Records from a data collection
· · · ·

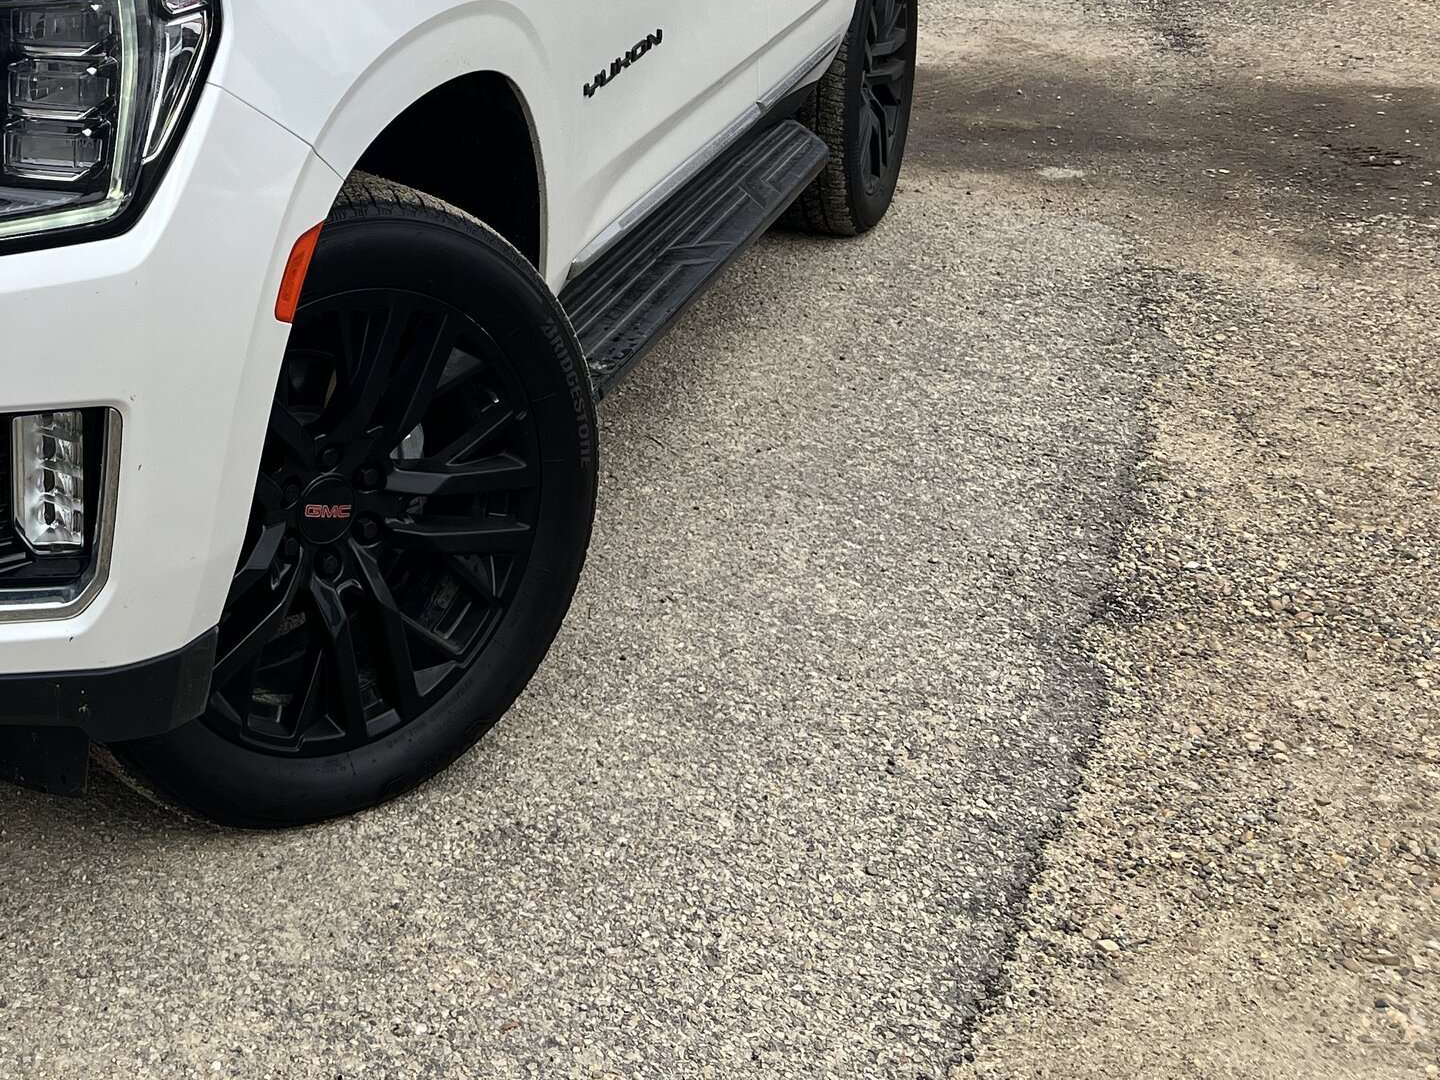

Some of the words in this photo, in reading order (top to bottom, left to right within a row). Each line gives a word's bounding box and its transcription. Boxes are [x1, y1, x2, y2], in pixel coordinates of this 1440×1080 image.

[582, 28, 663, 99] YUKON
[541, 317, 593, 468] BRIDGESTONE
[305, 504, 351, 518] GMC
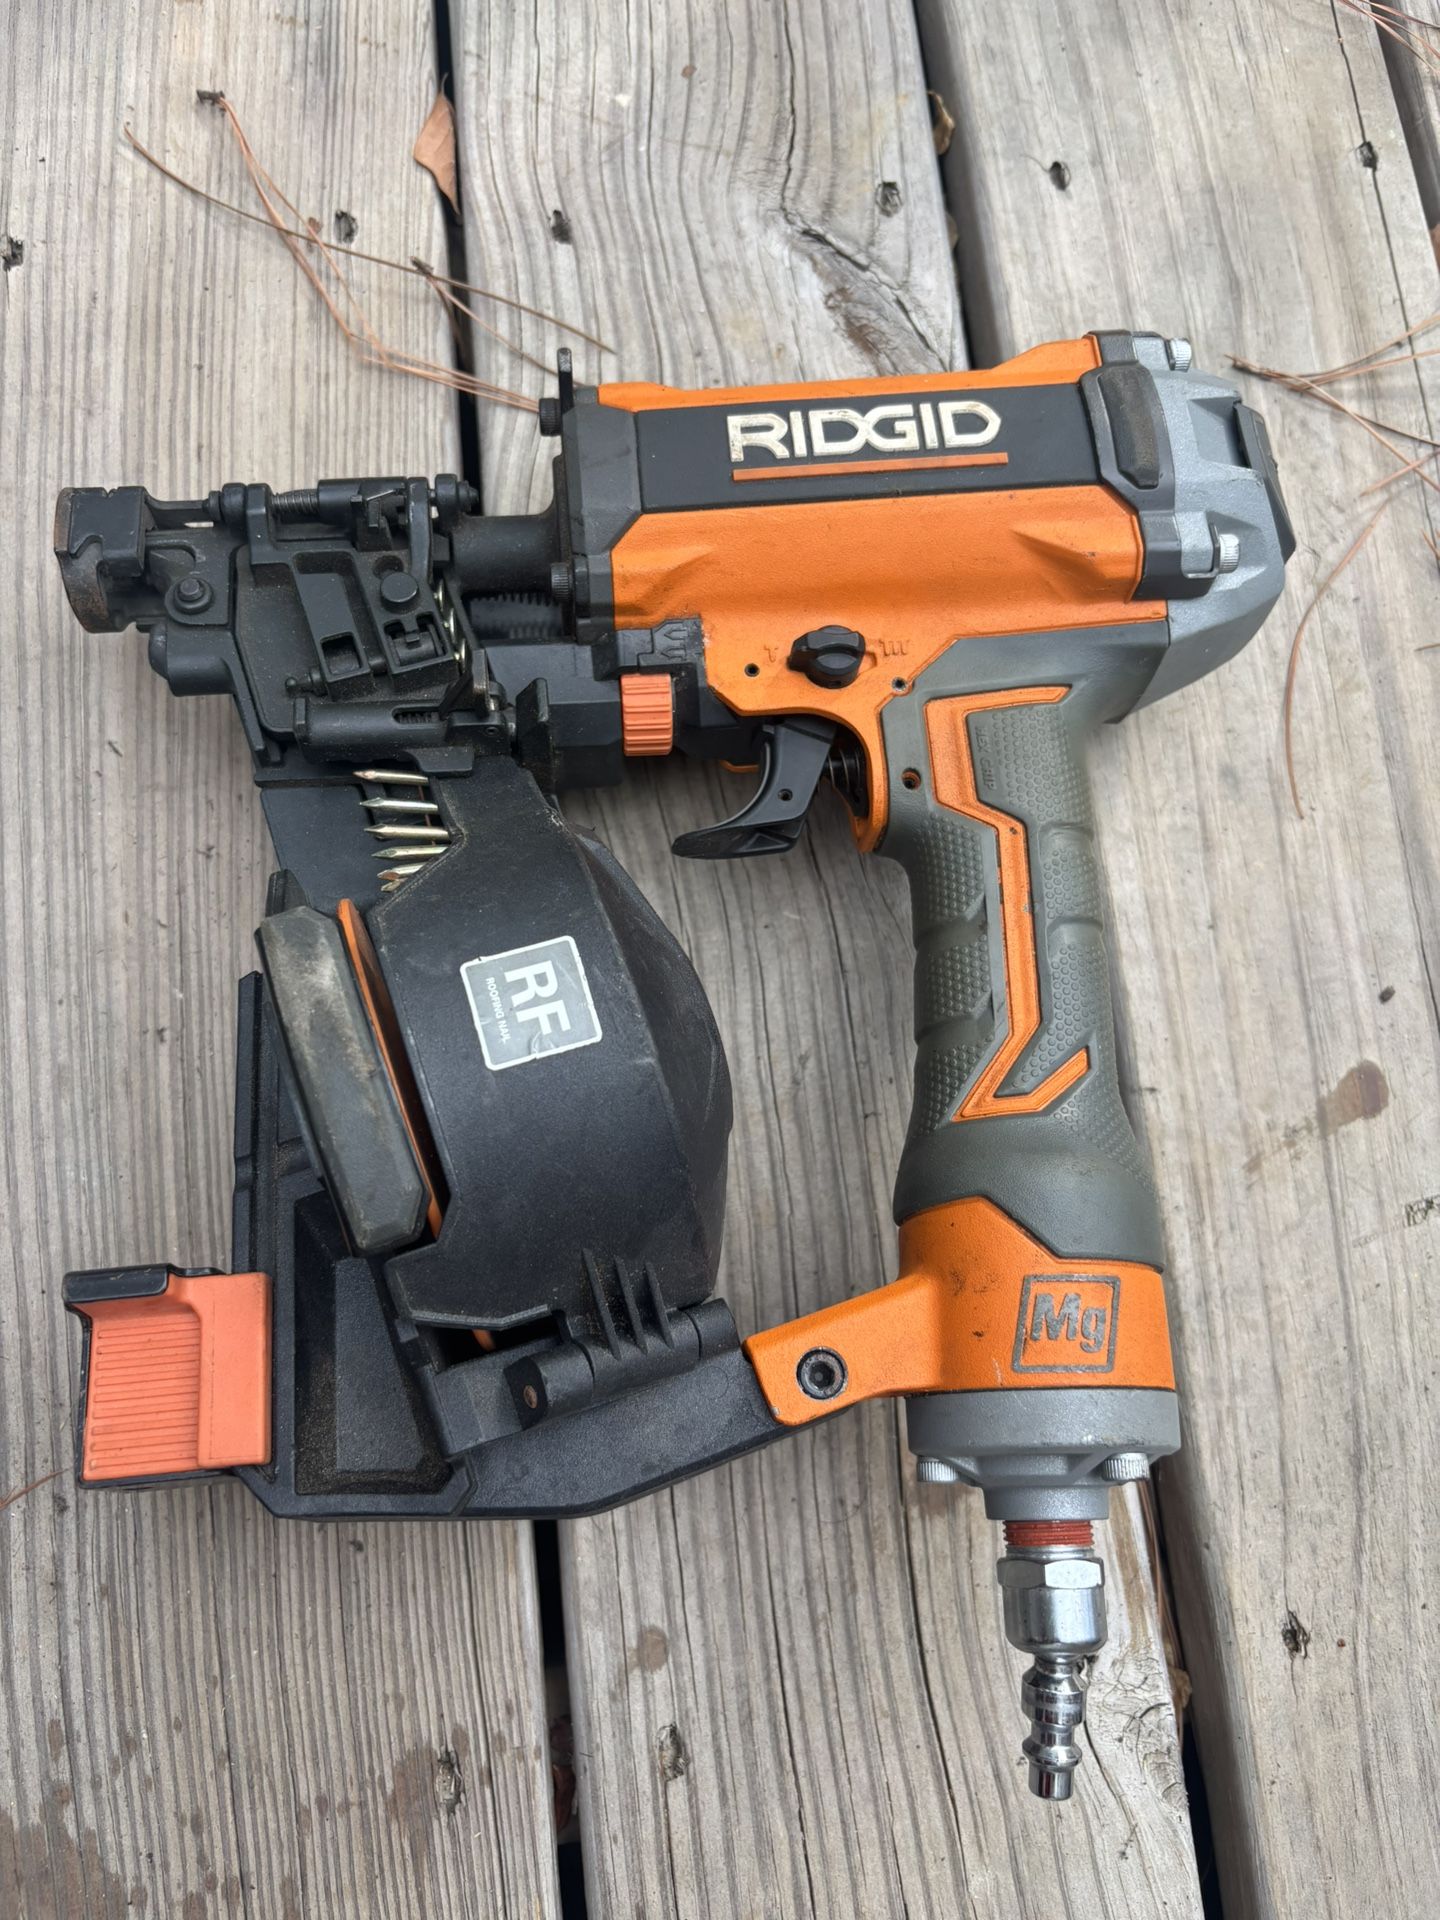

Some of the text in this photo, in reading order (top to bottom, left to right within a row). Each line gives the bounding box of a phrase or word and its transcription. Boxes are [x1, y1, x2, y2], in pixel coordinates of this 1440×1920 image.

[727, 401, 1001, 462] RIDGID
[486, 977, 504, 1018] ROOFING
[504, 960, 571, 1036] RF
[1030, 1293, 1107, 1353] Mg
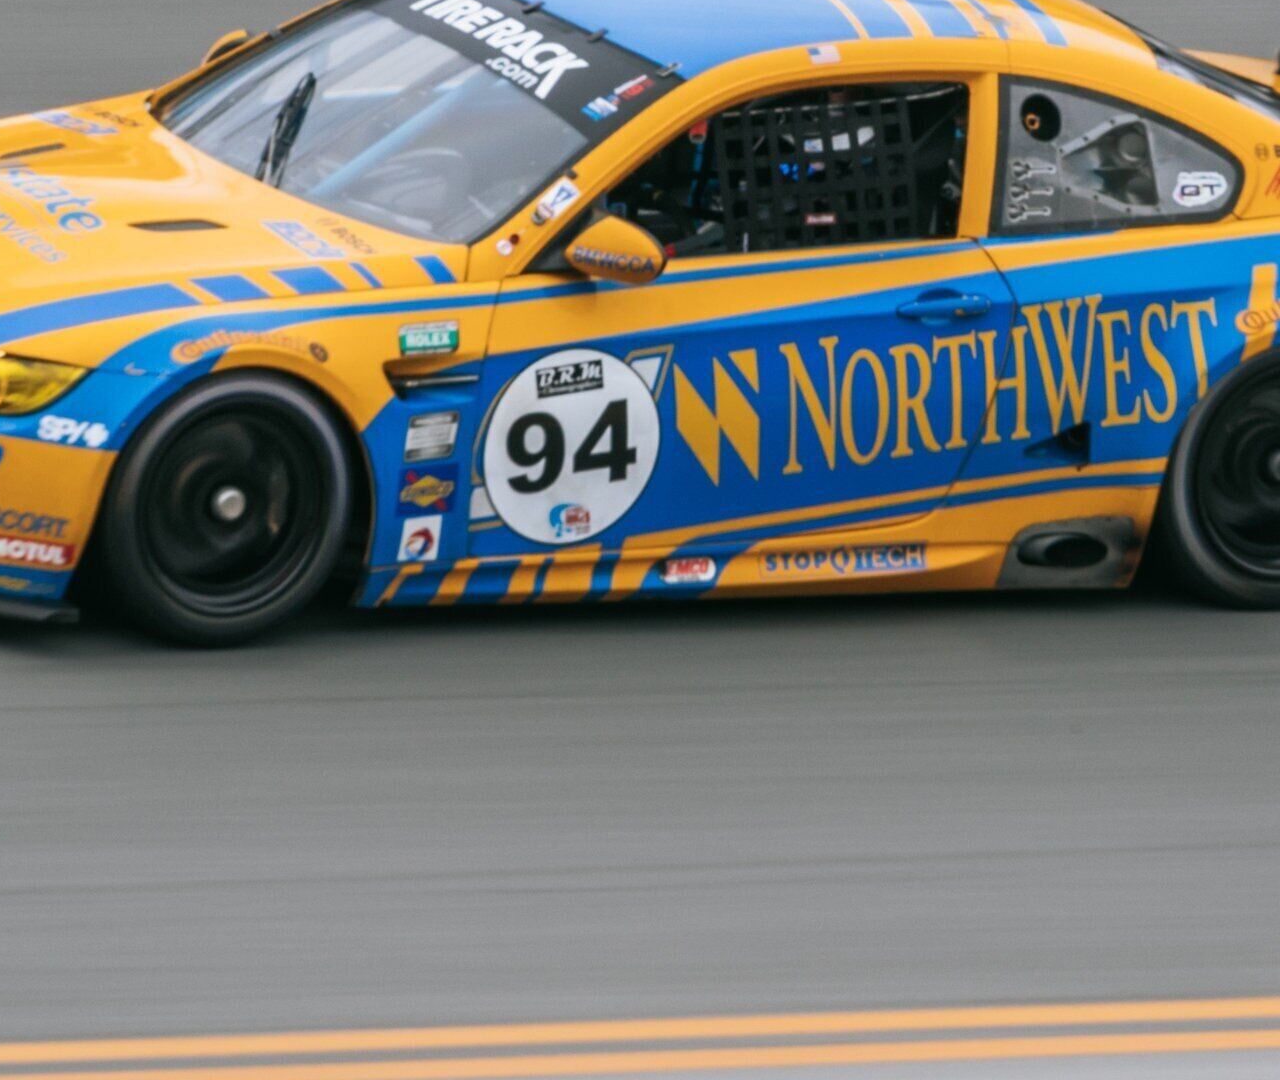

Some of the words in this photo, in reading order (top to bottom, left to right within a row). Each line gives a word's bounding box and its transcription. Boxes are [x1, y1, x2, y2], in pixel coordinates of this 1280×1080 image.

[405, 329, 451, 349] ROLEX
[778, 293, 1219, 475] NORTHWEST
[506, 398, 637, 495] 94

· · · ·

Exercise details ▸
For this exercise, transcribe the entries verbatim and skip all pictures.

Task solution ▸
Some of the words in this photo, in reading order (top to bottom, left to right within a row). Each line gives a word's bounding box and its transcription. Boxes are [x1, y1, x2, y2], in pixel coordinates of this 1440×1080 image.

[582, 28, 663, 99] YUKON
[541, 317, 593, 468] BRIDGESTONE
[305, 504, 351, 518] GMC

Some of the text in this photo, in reading order (top to bottom, left to right within a row). Each line gives the bounding box of a phrase or word and its transcription. Boxes are [x1, y1, x2, y2], in pixel coordinates of this 1440×1920 image.

[727, 401, 1001, 462] RIDGID
[486, 977, 504, 1018] ROOFING
[504, 960, 571, 1036] RF
[1030, 1293, 1107, 1353] Mg

Some of the words in this photo, in reading order (top to bottom, left to right within a row). Each line gives a word's bounding box and its transcription. Boxes are [x1, y1, x2, y2], in pixel coordinates of this 1280×1080 image.

[405, 329, 451, 349] ROLEX
[778, 293, 1219, 475] NORTHWEST
[506, 398, 637, 495] 94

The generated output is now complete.